The Ontic-Epistemic Theory of the Comic developed in this new book might be summarized as follows: normal
human cognition is subjective and anthropomorphic, which is to say people
are all but incapable of seeing external reality without re-interpreting it according
to their values, beliefs and judgments. We see the world, not through ‘rose coloured
glasses,’ but through multi-coloured and ever-changing lenses of
which we are almost always unaware – and which modify and even distort
our perceptions in various ways according to what our culture teaches us to
see in any given situation. So, not only is the selection of facts we perceive
in external states of affairs very limited by various forms of filtering,
selections and simplifications but we also add a great deal of cultural
baggage to our perceptions in order to give everything in life a social
significance, and a human orientation.
Perception is very nearly always directed and shaped by social
considerations, yet it would be impossible even to believe in cultural values,
or to live in a society based upon them, if it were obvious to everyone that
such socio-cultural institutions were merely arbitrary constructs first dreamt
up and later passed down and acculturated into each new generation, without
really being there at all. Normal human social cognition thus also serves, as
one of its most fundamental and crucial functions, to erase the distinction
between the different types of entity that we collectively consider ‘true’ or
‘real.’ The physical object must never appear more credible than, or even
distinct from, the mental one. A man’s social status must not seem any less
real than his body, and when we mentally associate concepts of status with
an actual person we see, for instance, in a policeman’s blue uniform, we must
not view this as a disguise, because the social state of being a true officer of
the law, a mere mental object, must be inseparable, and indistinguishable,
from the individual policeman himself, a real biological organism.

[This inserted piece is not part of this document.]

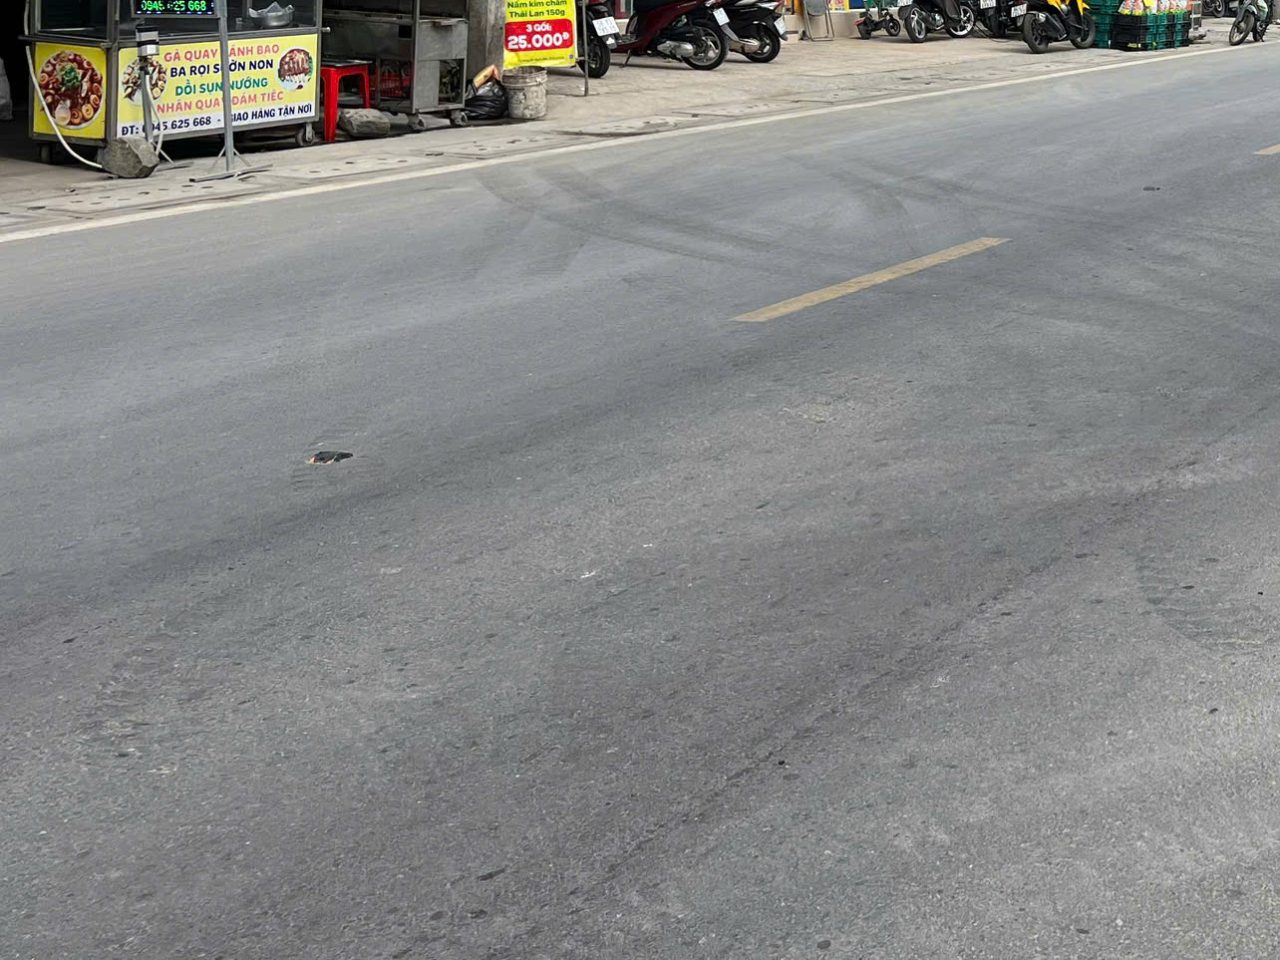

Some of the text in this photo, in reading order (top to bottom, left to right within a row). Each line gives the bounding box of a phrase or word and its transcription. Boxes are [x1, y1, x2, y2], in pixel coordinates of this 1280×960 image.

The comic then, that which causes laughter, according to Marteinson's
theory, is the perception of an ‘unravelling of the seams’ between external
facts, intuitive notions and cultural concepts, all of which are normally levelled
and rendered equivalent in anthropomorphic perception. Social being and material fact have different
criteria for truth and falsehood, and this is what is revealed by the comic. Laughter, then, is an
instinctive reaction to an epistemological checkmate, in particular an event which
shatters and fragments perceptions into the different ontic classes of objects
that normally comprise them. When this occurs, social reality as we know it
momentarily ceases to have the emotional and epistemological value of being real, and the
physical world in its cultural poverty is all that is left standing in perception. The cultural intensions
the laughing subject had equated with his or her intuitive notions of the concrete state of affairs
pass from a high degree of acceptance to a perception of falsehood. Laughter in fact serves to restore normal
socio-cognitive perception and to facilitate the forgetting of the comic stimulus. Very frequently, these stimuli involve concepts
of social identity, and other aspects of the perception of social roles. For this reason, this book considers laughter from the point of view of the ontology of social being.